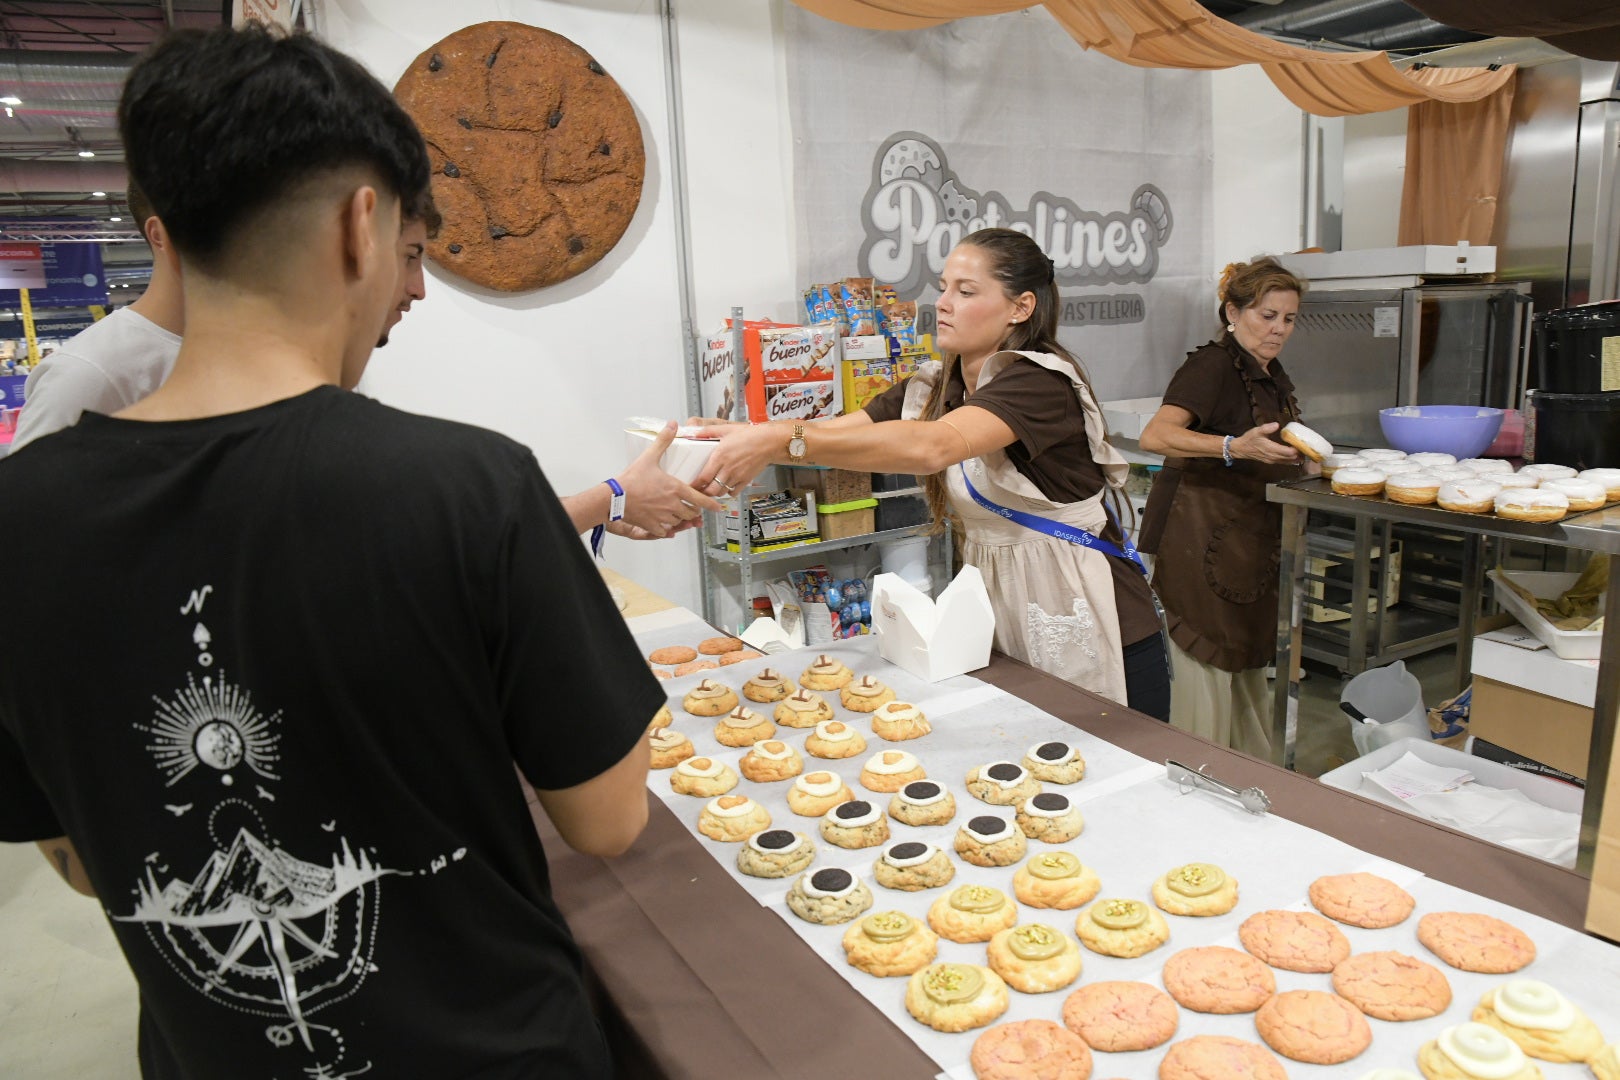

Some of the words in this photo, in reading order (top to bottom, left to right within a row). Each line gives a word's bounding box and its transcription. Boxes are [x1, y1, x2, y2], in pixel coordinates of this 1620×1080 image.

[868, 179, 1147, 283] Palines
[1060, 300, 1142, 322] ASTELERIA
[769, 344, 811, 362] bueno
[772, 395, 814, 416] bueno
[1053, 529, 1086, 545] IDASFEST
[180, 584, 213, 615] N
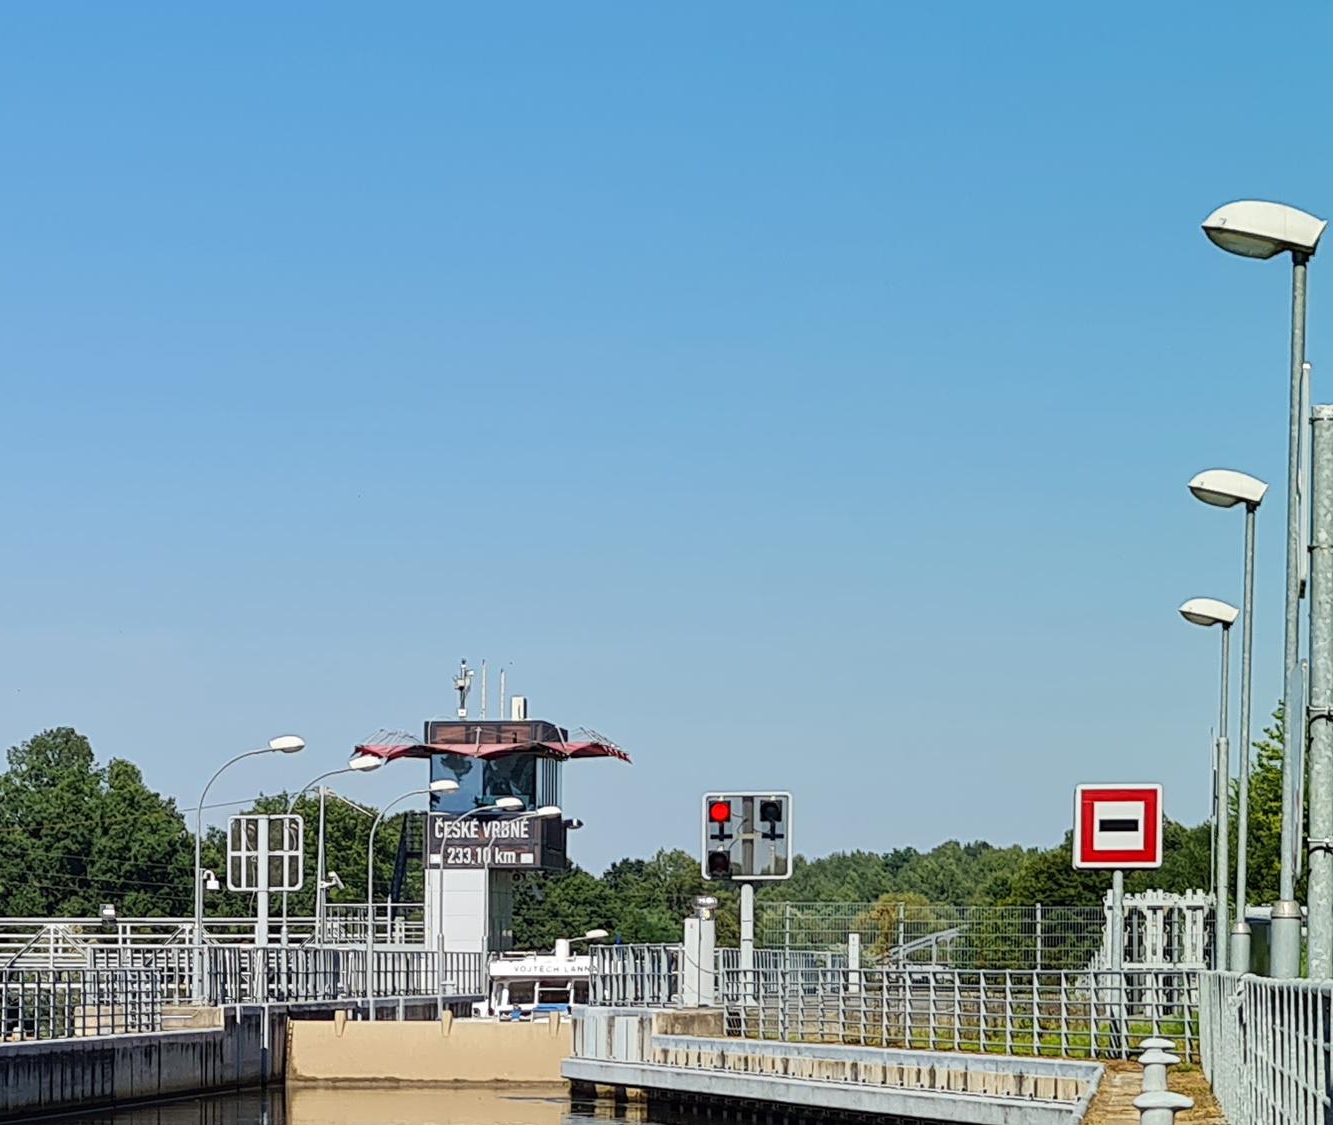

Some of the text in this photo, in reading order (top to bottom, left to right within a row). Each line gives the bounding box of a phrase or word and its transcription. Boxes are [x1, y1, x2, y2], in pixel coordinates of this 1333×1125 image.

[434, 817, 529, 838] ČESKÉ VRBNÉ
[494, 847, 516, 864] km
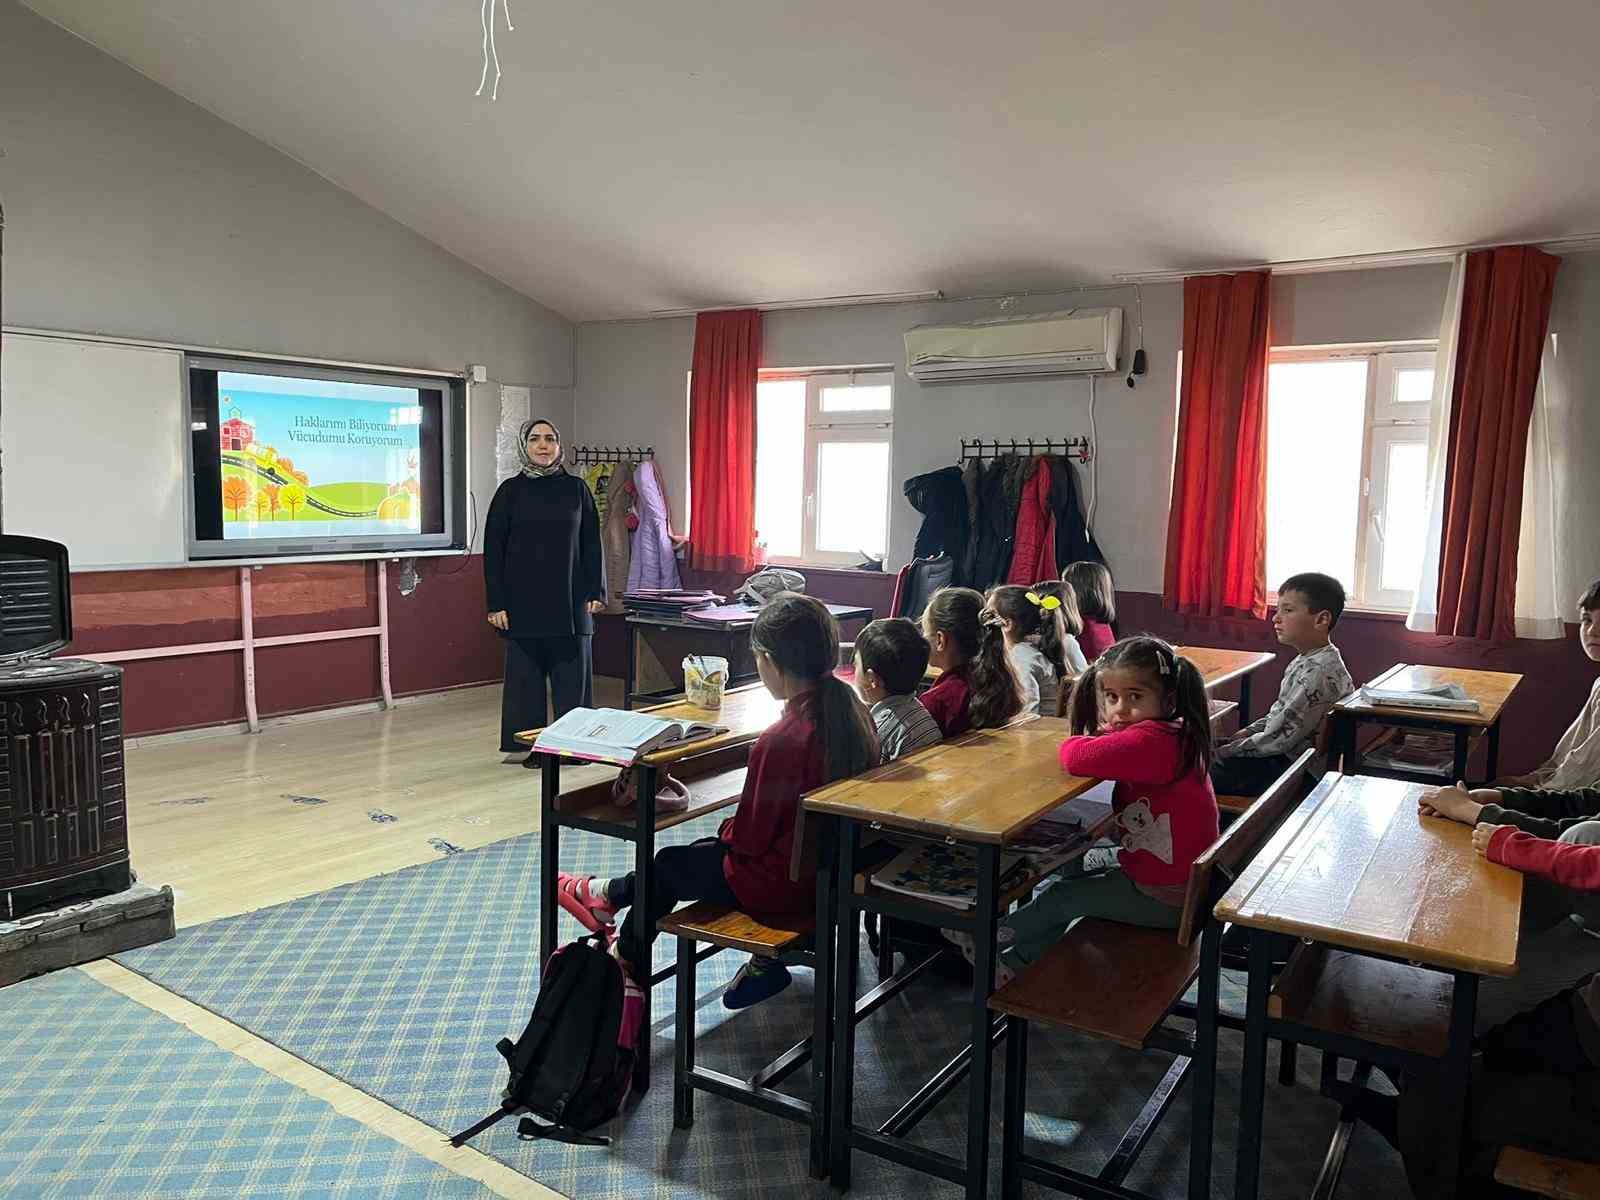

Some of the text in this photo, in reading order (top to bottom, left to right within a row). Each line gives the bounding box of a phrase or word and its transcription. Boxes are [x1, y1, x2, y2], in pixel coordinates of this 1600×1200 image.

[349, 418, 398, 433] Biliyorum
[287, 429, 403, 449] Vücudumu Koruyorum
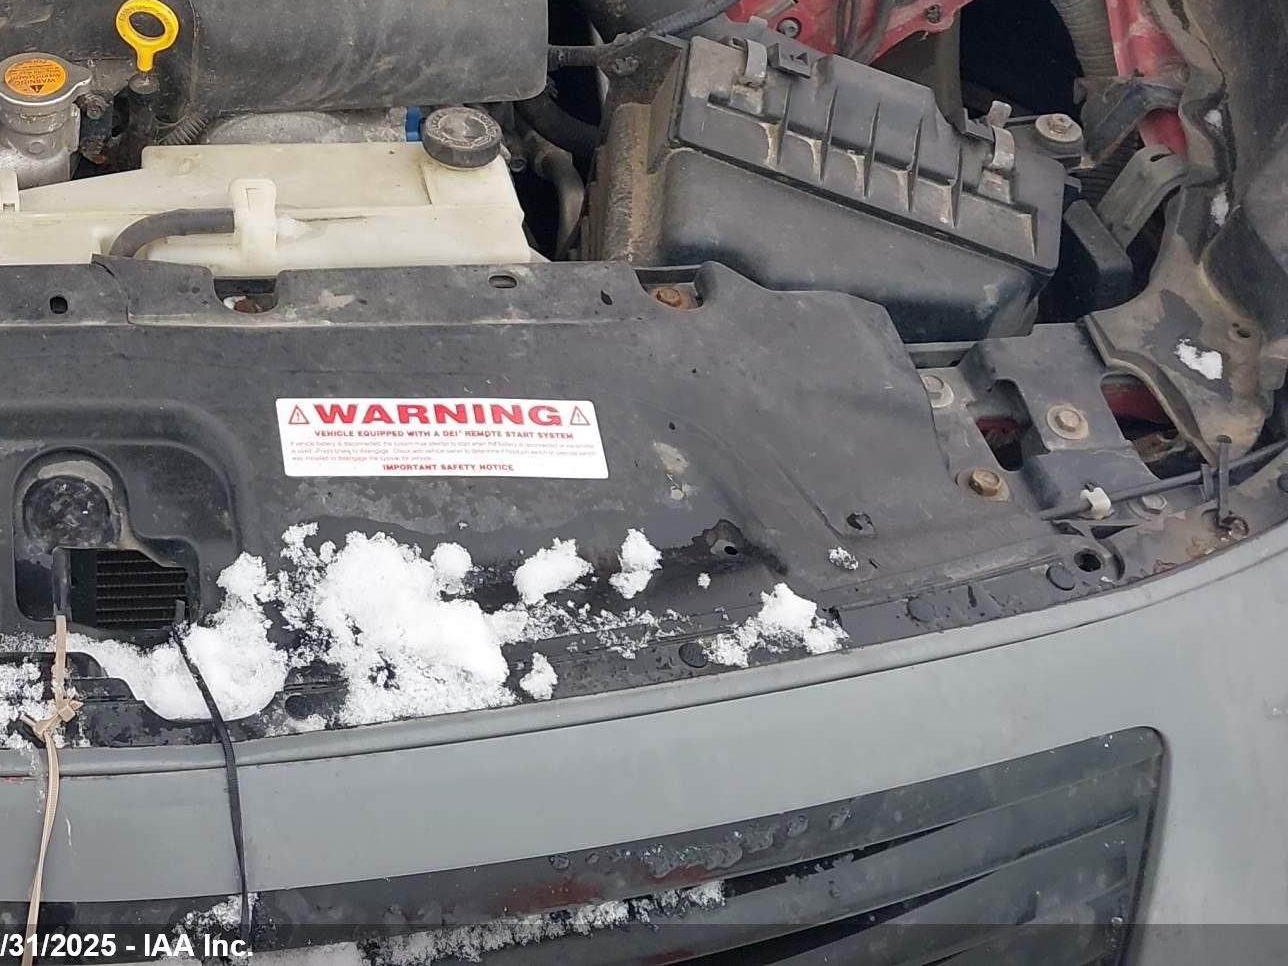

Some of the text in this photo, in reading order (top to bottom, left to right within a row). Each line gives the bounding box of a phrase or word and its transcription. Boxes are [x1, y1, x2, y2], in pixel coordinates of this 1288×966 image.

[314, 403, 562, 426] WARNING
[358, 430, 404, 438] EQUIPPED
[465, 430, 503, 438] REMOTE
[506, 431, 534, 439] START
[537, 432, 574, 440] SYSTEM
[479, 464, 515, 472] NOTICE

****************************************

__What to produce__.
Quote the entries in full. Any image among them is to be omitted from the copy.

__Result__.
Some of the words in this photo, in reading order (top to bottom, left to right within a row). Each line gives a word's bounding box and its transcription. Boxes are [x1, y1, x2, y2], in pixel coordinates of this 1620×1080 image.

[868, 179, 1147, 283] Palines
[1060, 300, 1142, 322] ASTELERIA
[769, 344, 811, 362] bueno
[772, 395, 814, 416] bueno
[1053, 529, 1086, 545] IDASFEST
[180, 584, 213, 615] N

Some of the text in this photo, in reading order (top to bottom, left to right within a row). Each line gives the bounding box of a phrase or word and its transcription. Boxes are [x1, y1, x2, y2], in pixel coordinates of this 1333×1125 image.

[434, 817, 529, 838] ČESKÉ VRBNÉ
[494, 847, 516, 864] km

Some of the text in this photo, in reading order (top to bottom, left to right within a row). Each line gives the bounding box of a phrase or word and its transcription. Boxes are [x1, y1, x2, y2], in pixel coordinates of this 1600×1200 image.

[349, 418, 398, 433] Biliyorum
[287, 429, 403, 449] Vücudumu Koruyorum

Some of the text in this photo, in reading order (top to bottom, left to right within a row). Each line gives the bounding box of a phrase or word and its transcription. Boxes are [x1, y1, x2, y2], in pixel coordinates of this 1288×966 image.

[314, 403, 562, 426] WARNING
[358, 430, 404, 438] EQUIPPED
[465, 430, 503, 438] REMOTE
[506, 431, 534, 439] START
[537, 432, 574, 440] SYSTEM
[479, 464, 515, 472] NOTICE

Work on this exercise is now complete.